Unsurprisingly, Ken Paxton and his right-wing cohort will also stop at nothing to deny critical health care to trans persons. Nineteen US states including Texas now restrict or ban transgender children from accessing gender-affirming care such as puberty blockers and hormone therapies, even when their own parents support the care. Speaking of travelling to another state for care: In November, Paxton's office demanded a hospital in Seattle turn over the numbers of Texas children treated at the hospital, the medications prescribed by the hospital to Texas children, the diagnosis for each medication, the list of Texas labs that performed tests prior to these medications being prescribed, and more.
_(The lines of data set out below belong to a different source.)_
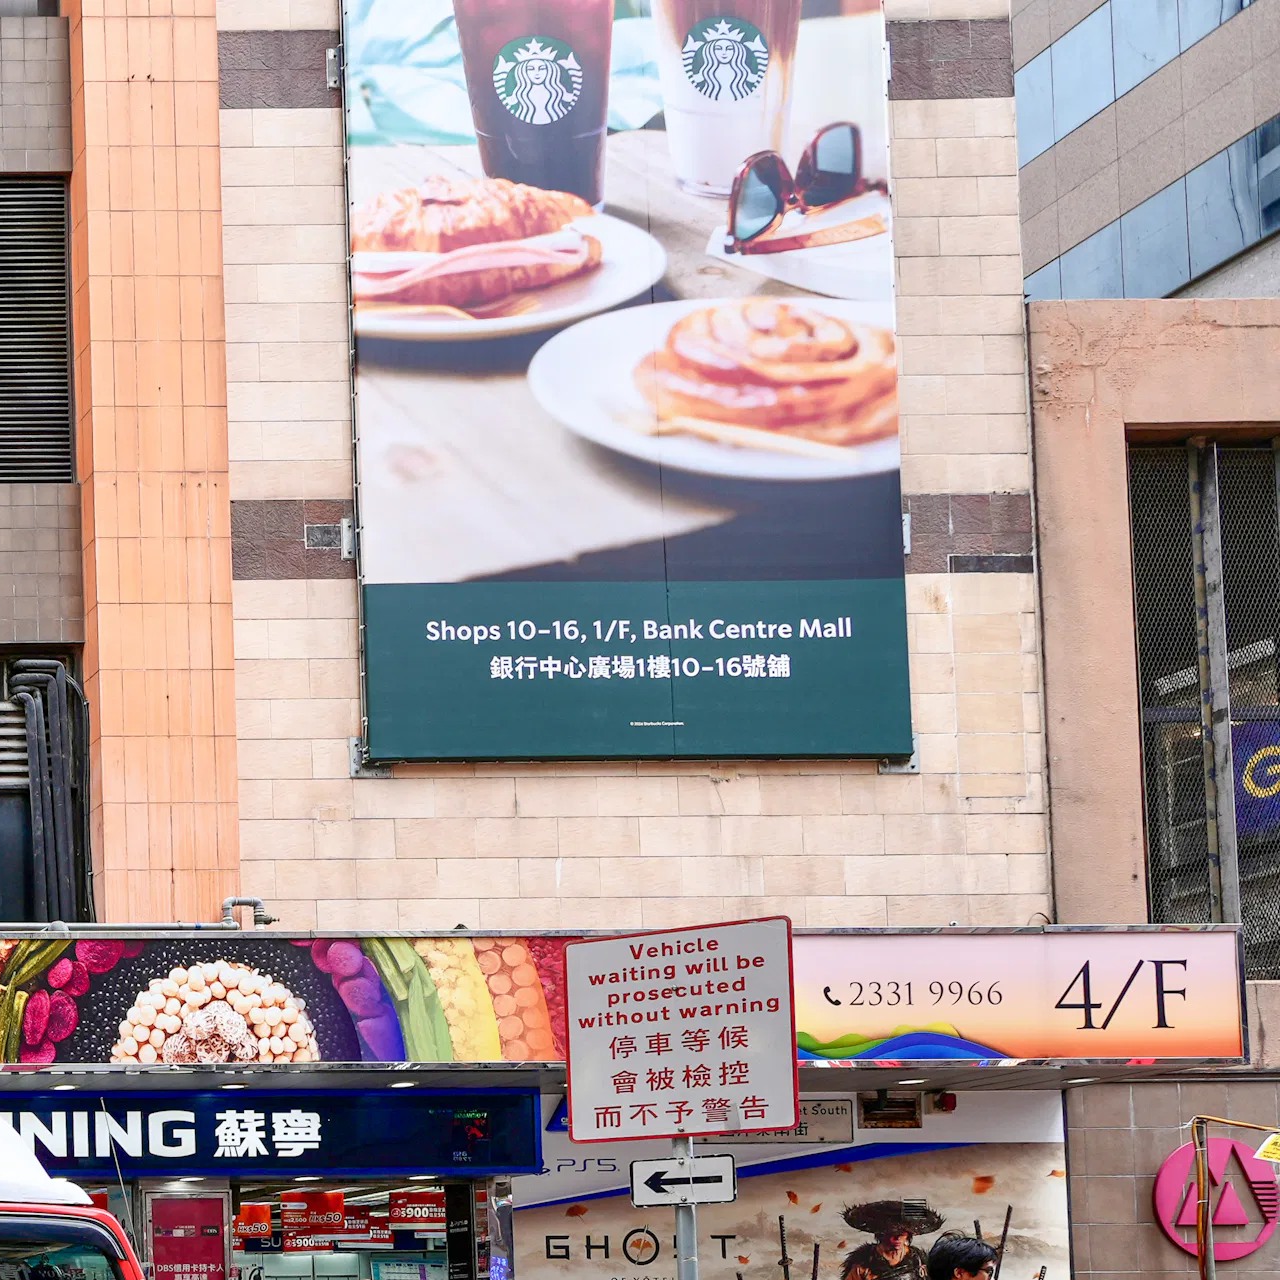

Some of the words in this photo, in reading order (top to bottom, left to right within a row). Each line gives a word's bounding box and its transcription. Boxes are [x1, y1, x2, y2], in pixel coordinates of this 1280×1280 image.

[425, 620, 501, 645] Shops
[592, 619, 637, 644] 1/F,
[643, 618, 704, 640] Bank
[708, 618, 793, 639] Centre
[799, 616, 853, 638] Mall
[629, 937, 719, 960] Vehicle
[588, 964, 676, 986] waiting
[685, 957, 729, 975] will
[736, 954, 766, 970] be
[608, 976, 746, 1008] prosecuted
[848, 979, 915, 1007] 2331
[928, 979, 1004, 1007] 9966
[1054, 958, 1189, 1030] 4/F
[578, 1006, 671, 1029] without
[679, 996, 780, 1019] warning
[608, 1025, 749, 1060] 停車等候
[611, 1060, 750, 1094] 會被檢控
[593, 1094, 770, 1129] 而不予警告
[812, 1105, 848, 1116] South
[213, 1109, 323, 1158] 蘇寧
[557, 1158, 618, 1172] PS5
[545, 1225, 737, 1266] GHOT
The hospital refused to comply, noting that Paxton has no jurisdiction over a hospital in Washington state and that Washington state's "Shield Law" protects it from requests made by states that "restrict or criminalize reproductive and gender-affirming care." Damn right, but how scary is that?
It's clear that all bodies that don't conform to a strict, religious fundamentalist vision of gender roles (motherhood, heterosexuality and cisgenderism) are prime targets of a movement that will stop at nothing to control us.
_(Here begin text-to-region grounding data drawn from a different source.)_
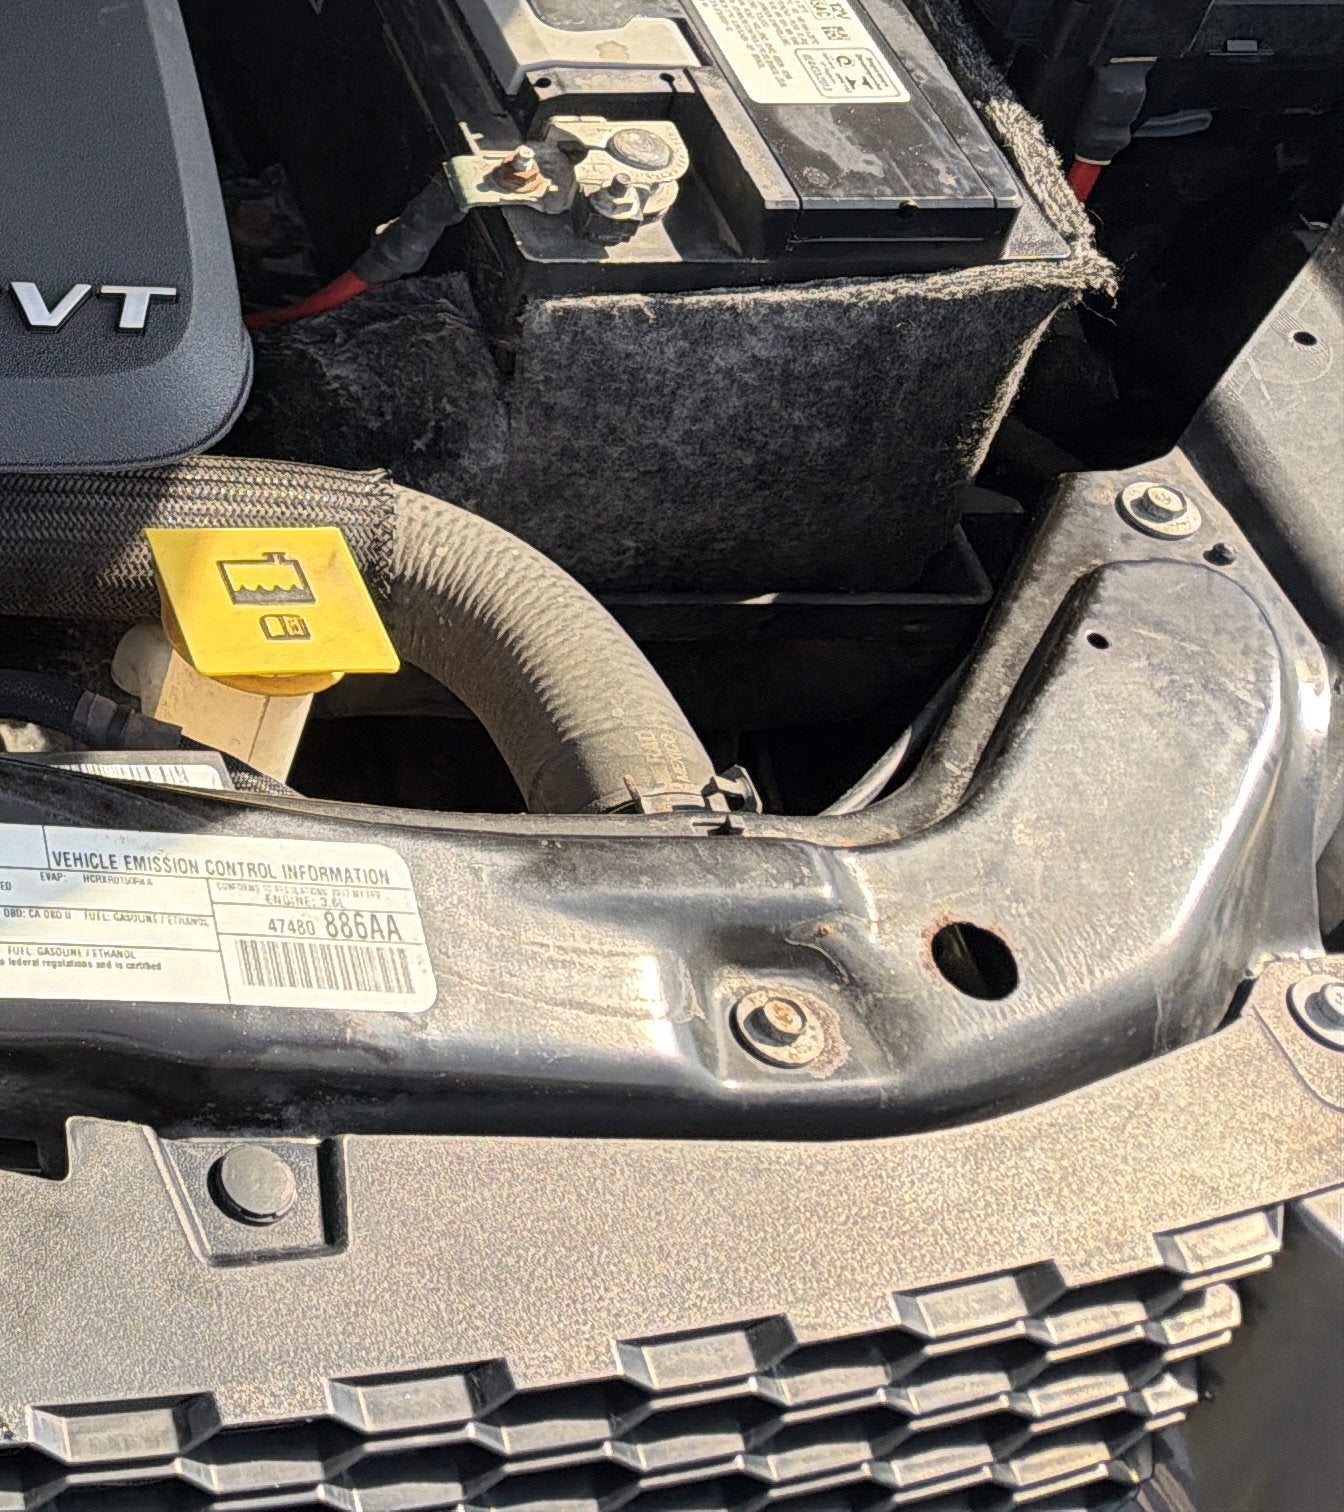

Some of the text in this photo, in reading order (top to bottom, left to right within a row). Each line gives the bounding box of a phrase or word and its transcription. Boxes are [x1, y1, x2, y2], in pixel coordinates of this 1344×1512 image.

[51, 850, 390, 886] VEHICLE EMISSION CONTROL INFORMATION
[39, 871, 67, 882] EVAP:
[264, 894, 316, 907] ENGINE:
[2, 908, 26, 918] OBD:
[266, 909, 403, 941] 47480 886AA
[6, 945, 34, 956] FUEL:
[36, 946, 82, 958] GASOLINE
[91, 948, 136, 959] ETHANOL
[7, 957, 39, 967] federal
[41, 958, 92, 970] regulations
[95, 959, 112, 969] and
I don’t want to leave you without a hopeful thought: the unprecedented mobilization of young voters and women voters in the US that this attack on our bodies and lives has sparked. On November 7, 2023 in Ohio, a referendum to enshrine the right to make one's own reproductive decisions in the state constitution passed with a decisive 57% of votes. This was achieved despite multiple attempts by Ohio Republicans to scuttle the effort, including by trying to change the voting threshold to 60% and by misrepresenting the actual content of the constitutional amendment on the ballot handed to voters. But young voters, Black voters and women were not fooled, and they turned out en masse to prevail in Ohio. The same is true in California, Kansas, Kentucky, Michigan, Montana and Vermont, where statewide ballots in 2022 and 2023 have also either affirmed abortion access or turned back attempts to undermine the right to abortion. Ohio’s constitutional amendment took effect on December 7th. I hope it can help Brittany Watts, and all the other Ohioans whose lives have been thrown into turmoil since Roe was overturned. And help turn out voters in November 2024, when all of this and more will be on the line.
As 2023 comes to a close, let’s look out for one another, and fight the right-wing with all we’ve got. Our bodies, our lives.
In feminist solidarity and love to you all—wishing you justice, freedom, happiness and peace in 2024.